Action item: Restate the data below word for word, omitting pictures.

Images for object localization
%%
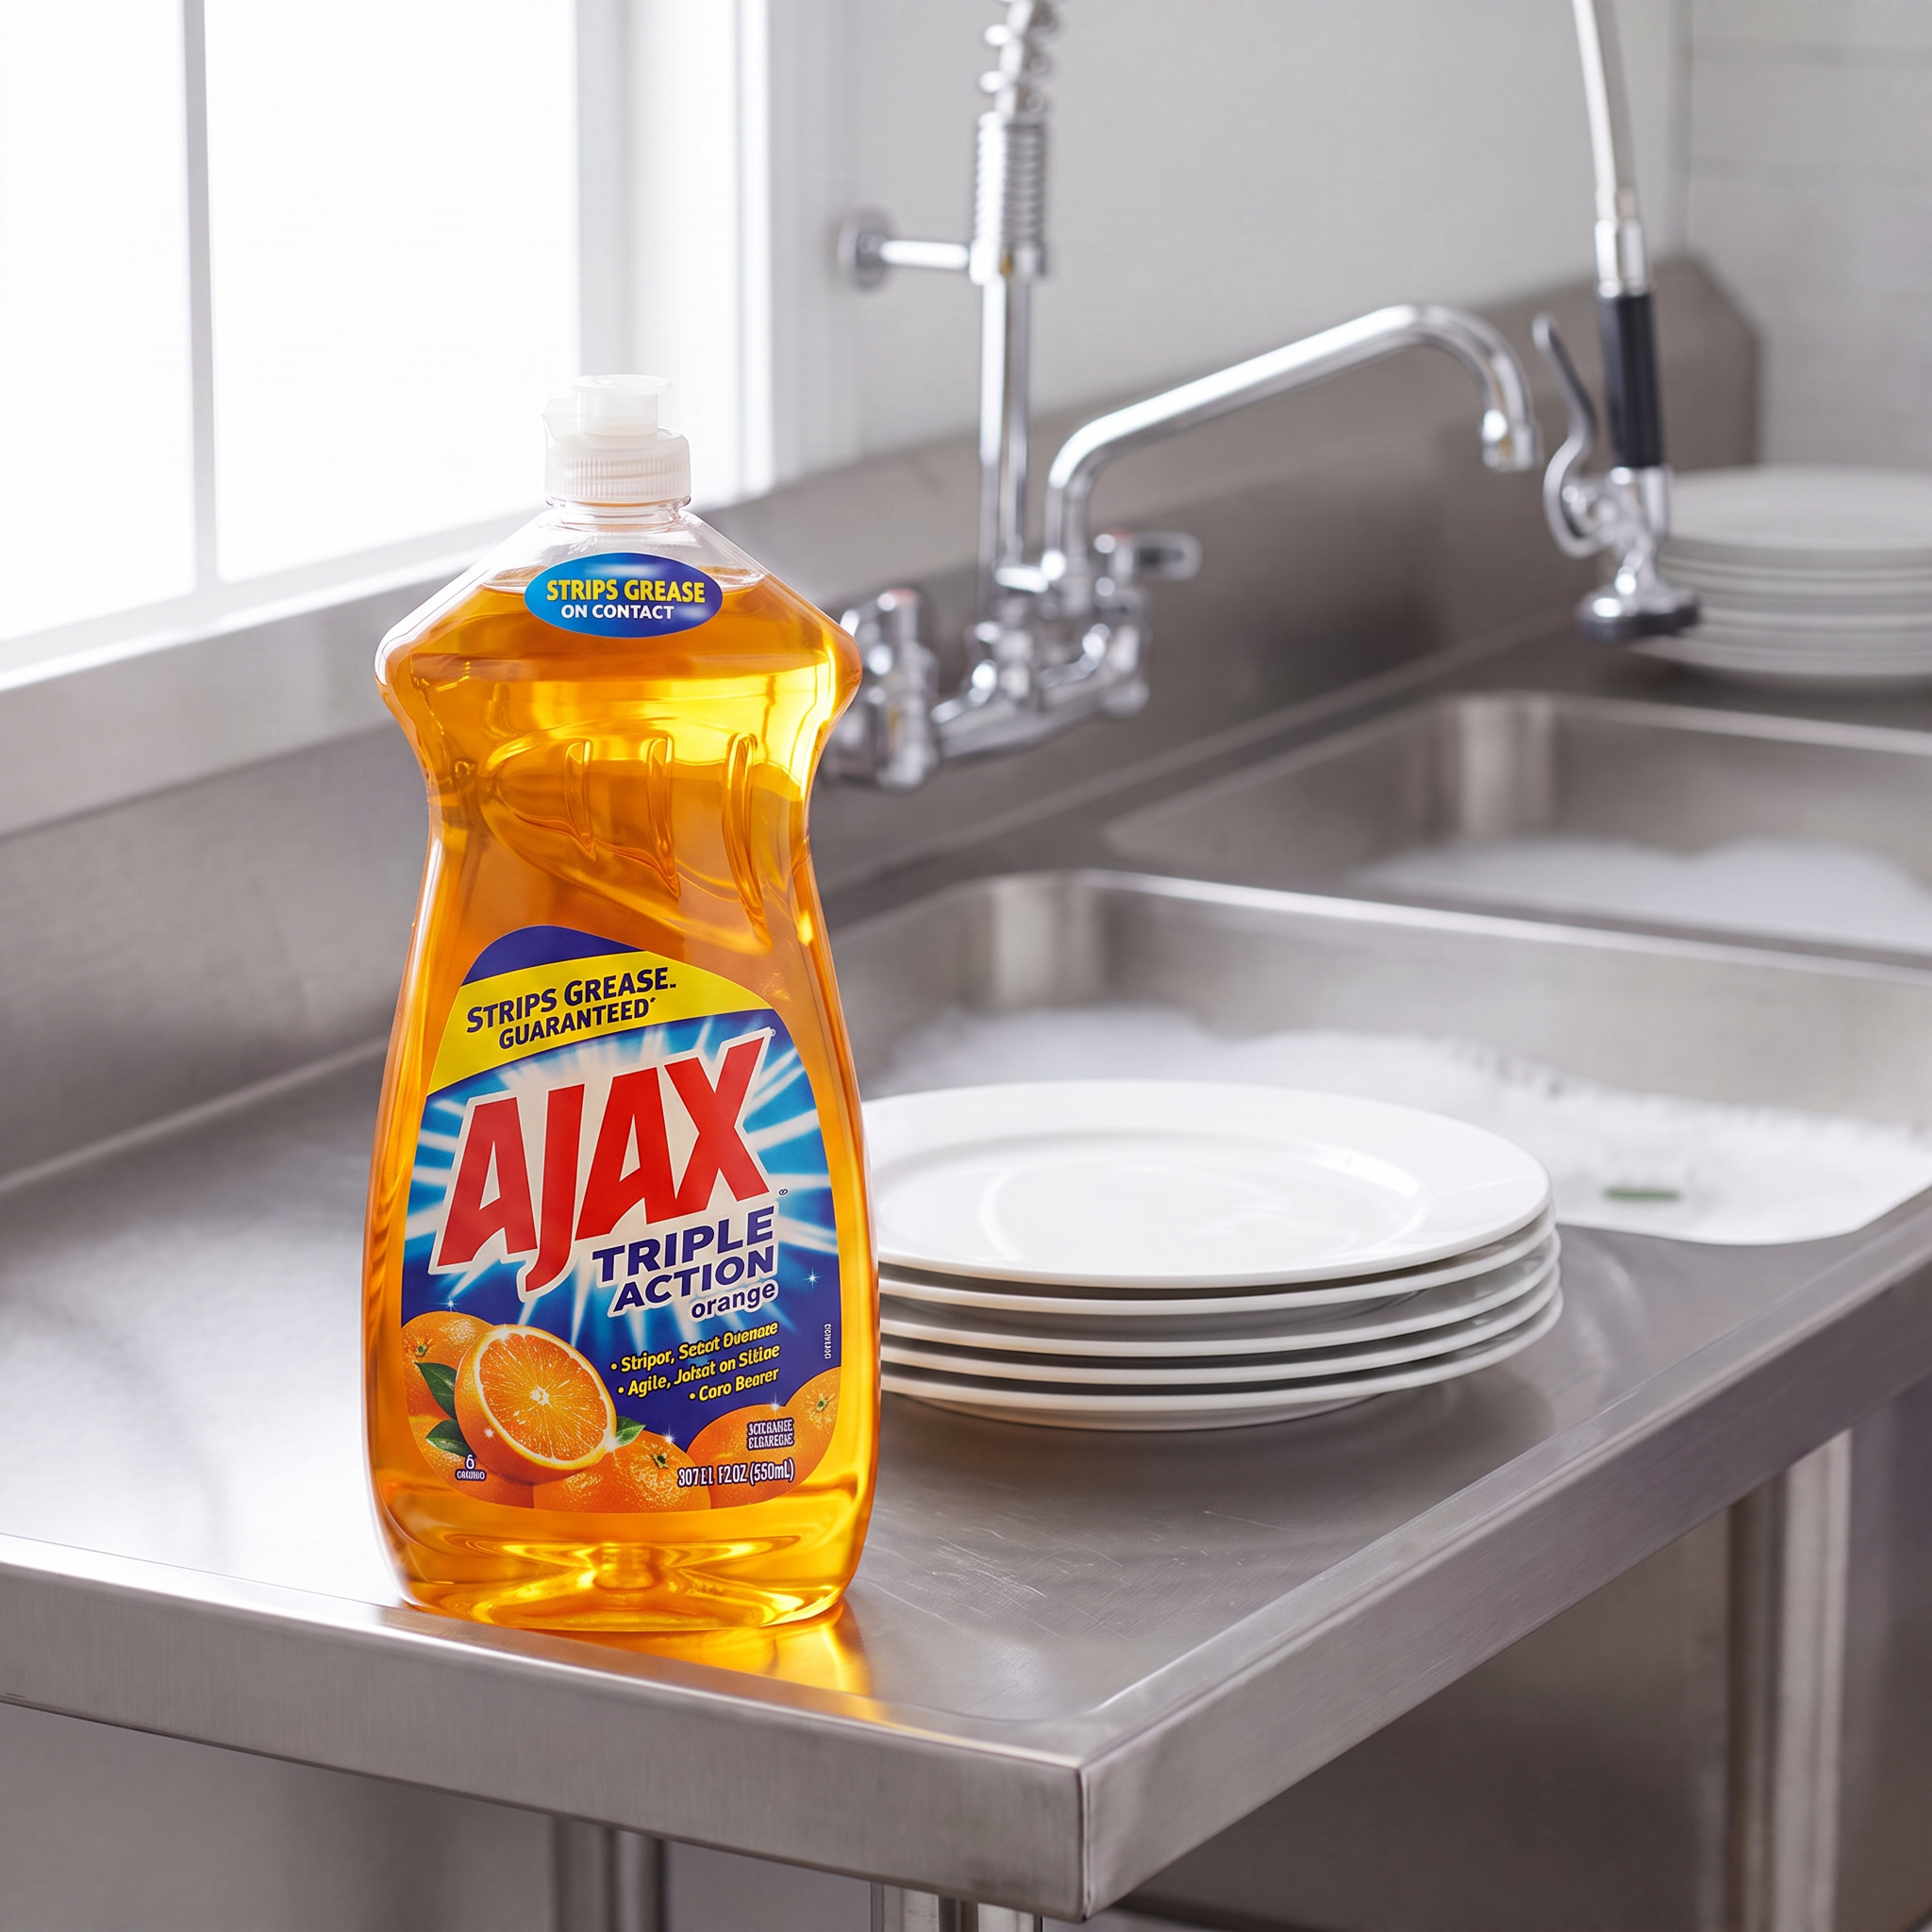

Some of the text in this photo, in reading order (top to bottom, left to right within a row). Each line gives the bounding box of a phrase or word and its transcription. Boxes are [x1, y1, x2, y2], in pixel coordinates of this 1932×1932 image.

[546, 579, 706, 603] STRIPS GREASE
[561, 605, 675, 620] ON CONTACT
[466, 988, 558, 1033] STRIPS
[436, 1036, 771, 1293] AJAX
[591, 1206, 775, 1283] TRIPLE
[613, 1244, 774, 1312] ACTION
[691, 1282, 775, 1320] orange
[620, 1350, 675, 1373] Stripor,
[627, 1374, 672, 1398] Agile,
[719, 1358, 736, 1373] on
[735, 1368, 779, 1391] Bearer
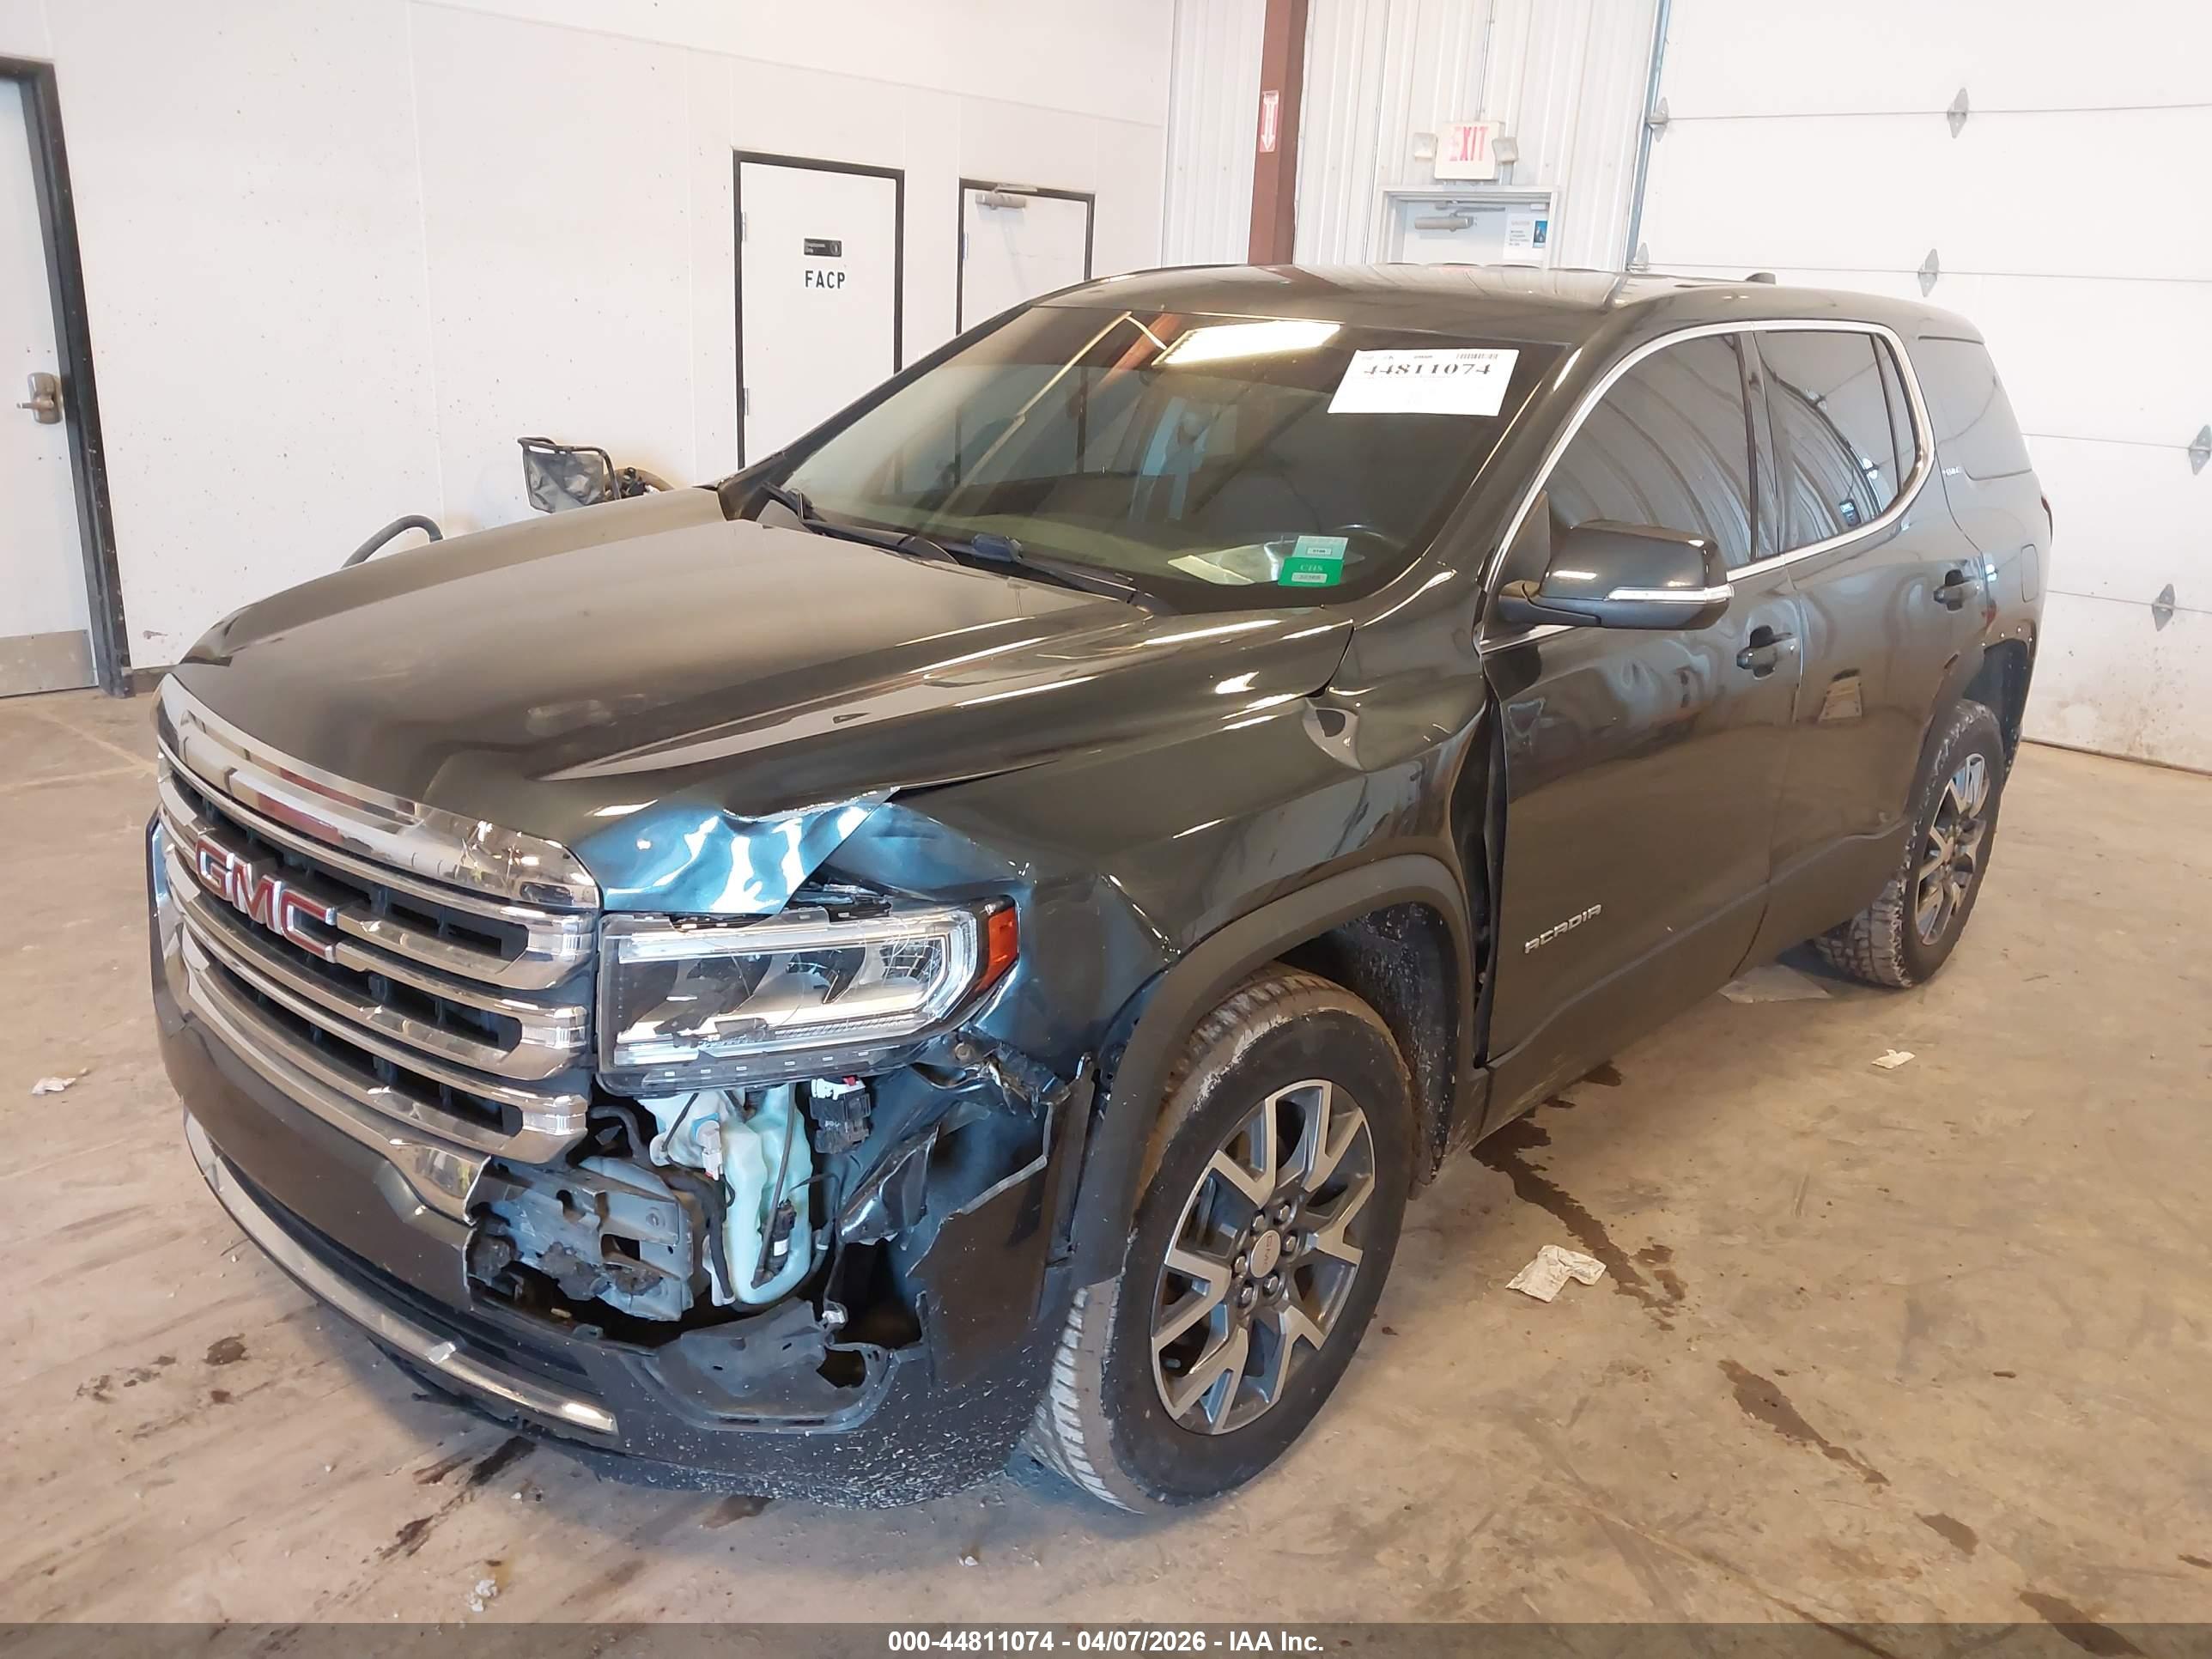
%%
Response:
Some of the text in this photo, in reading order (top to bottom, left to right within a row). Each line gives the bounding box of a phrase or word and its transcription. Boxes are [x1, y1, x2, y2], in pixel coordinates of this 1932×1932 image.

[546, 579, 706, 603] STRIPS GREASE
[561, 605, 675, 620] ON CONTACT
[466, 988, 558, 1033] STRIPS
[436, 1036, 771, 1293] AJAX
[591, 1206, 775, 1283] TRIPLE
[613, 1244, 774, 1312] ACTION
[691, 1282, 775, 1320] orange
[620, 1350, 675, 1373] Stripor,
[627, 1374, 672, 1398] Agile,
[719, 1358, 736, 1373] on
[735, 1368, 779, 1391] Bearer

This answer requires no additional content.